Still a chance to protest at people walking all over your land

If you haven't yet made a submission on the Government's proposals to let people walk all over your land, Julian has spotted that the deadline for submissions has been extended to 28 July. You can find details here, and Julian's own arguments here (which the Northern Advocate picked up and published). I'm sure he'd be only too happy for you to plagiarise. He concludes:
From the documents and the meetings, you can see that they have already decided that there should be a national "access agency" with suspiciously wide capabilities. I am afraid that it will either become another huge, ineffectual, bureaucratic money-waster (which in some respects would be the best outcome for it) or worse, like DOC it may become a powerful lobby group that will use your tax money against you and threaten your hard-won property rights.

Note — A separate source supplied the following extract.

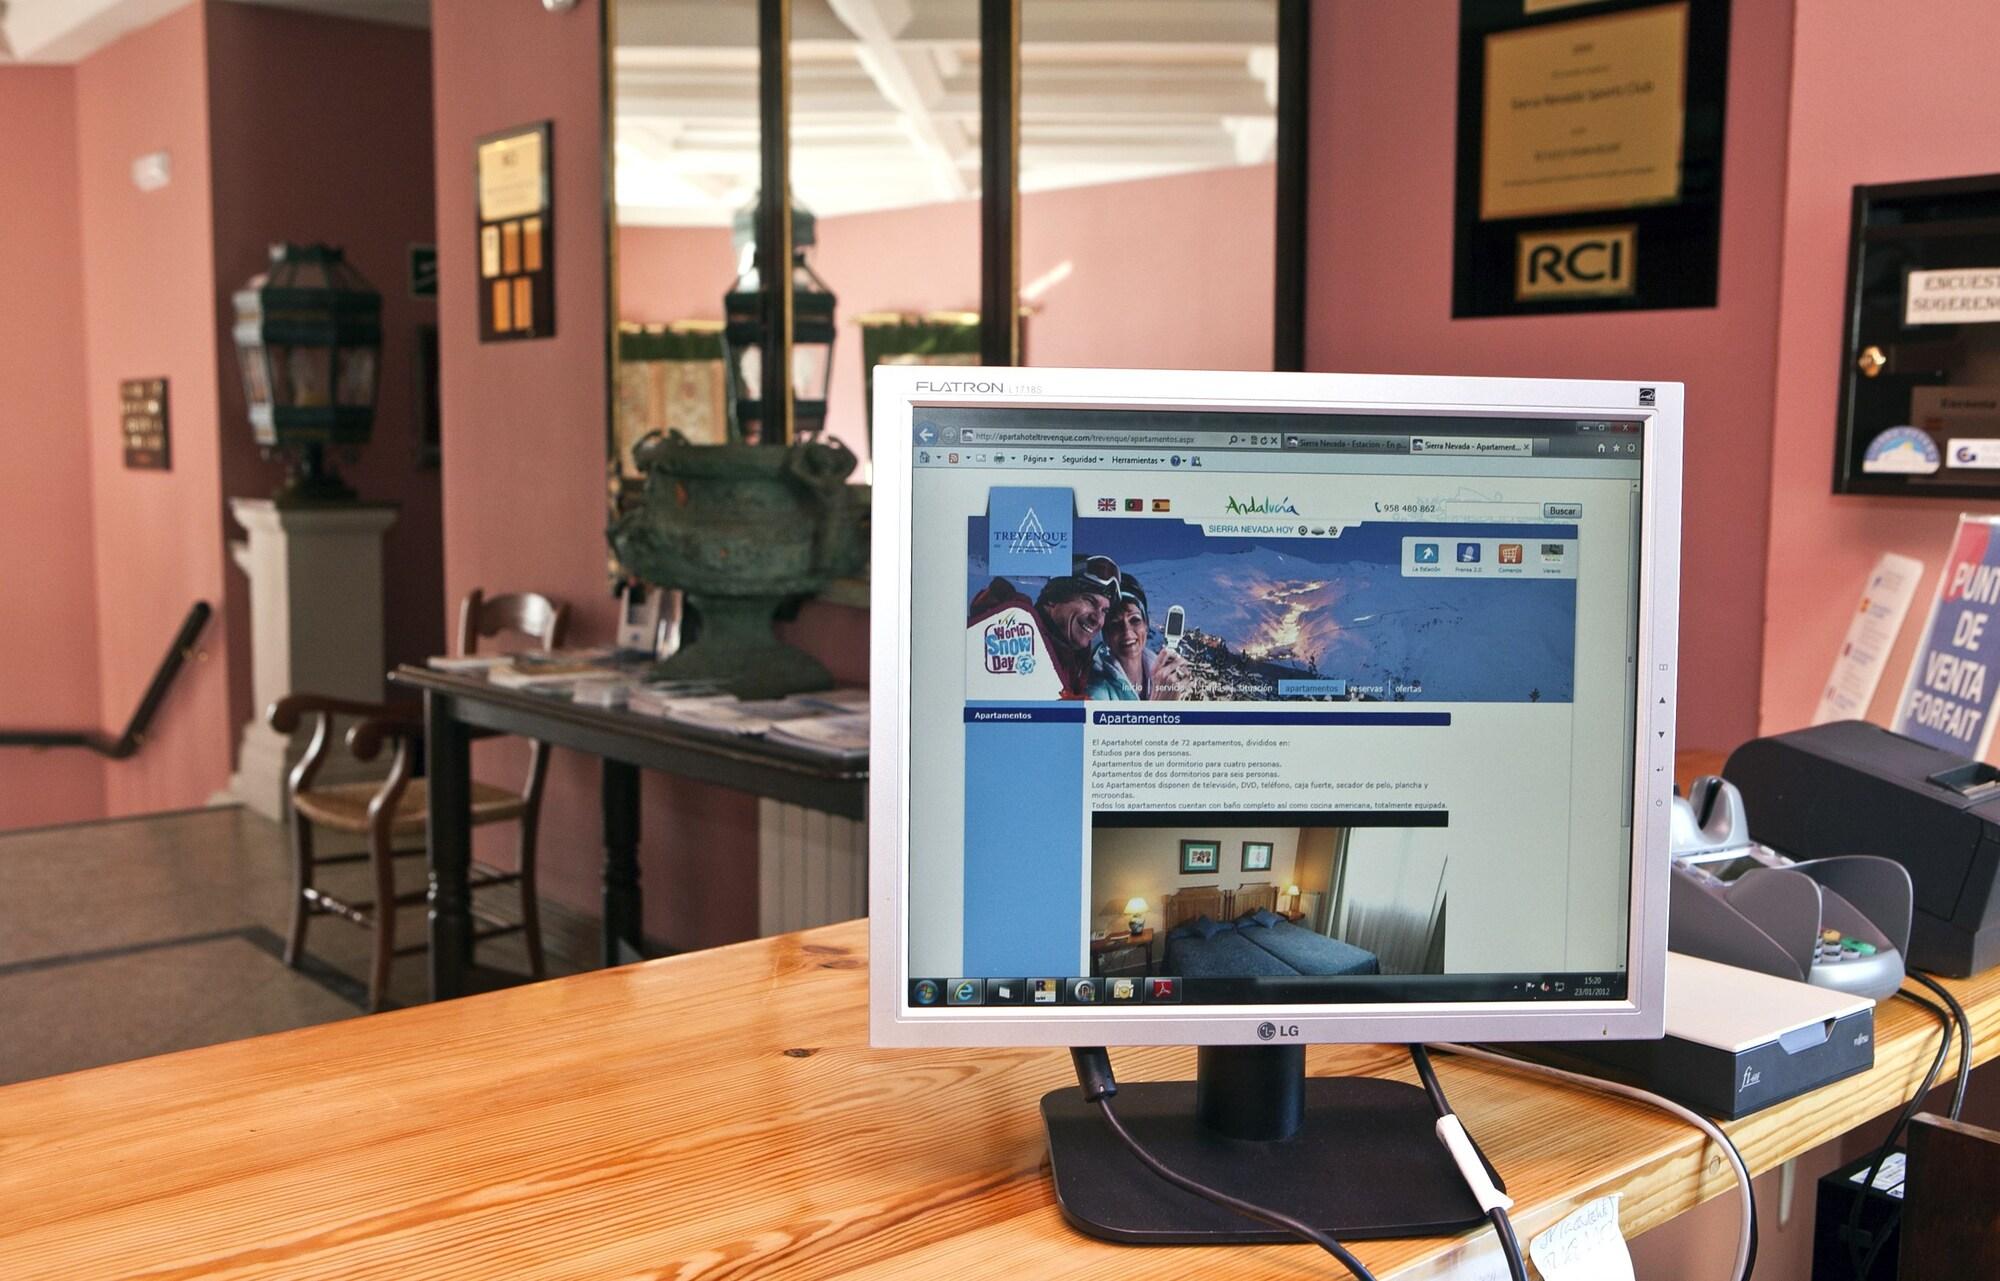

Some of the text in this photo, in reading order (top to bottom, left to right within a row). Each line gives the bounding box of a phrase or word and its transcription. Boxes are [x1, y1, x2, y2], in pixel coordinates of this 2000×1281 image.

I urge you to send in a submission. The more noise you make about this issue, the clearer the following message will be sent to the government: "Hands-off our property rights!"
LINKS: Have your say about walking over other people's property walking access in the outdoors - Walking Access Consultation Panel
Public Access: Have your say - it's your property you're after - Not PC

TAGS: Property_Rights, Politics-NZ

1 comment:

Anonymous said...

PC,

You should know that I'd be the last person to attack private property rights, and I unreservedly support farmers rights to exclude tresspassers when they clearly have no right to be there. But there are some issues with regard to access that do need sorting out in NZ. For instance rivers/waterways are legal rights of passage. What happens, as happens frequently in the South Island, when rivers shift their course, leaving the 'legal' river in a different location to the actual river. Or what about the myriad of paper roads that exist in rural NZ, the exact boundaries of which are often unknown and unseparated from the rest of a farmers activities. It's 'grey' issues like this that can cause conflict, even when there's no dispute over property rights. Whether this task force is the best way to address those issues is another matter.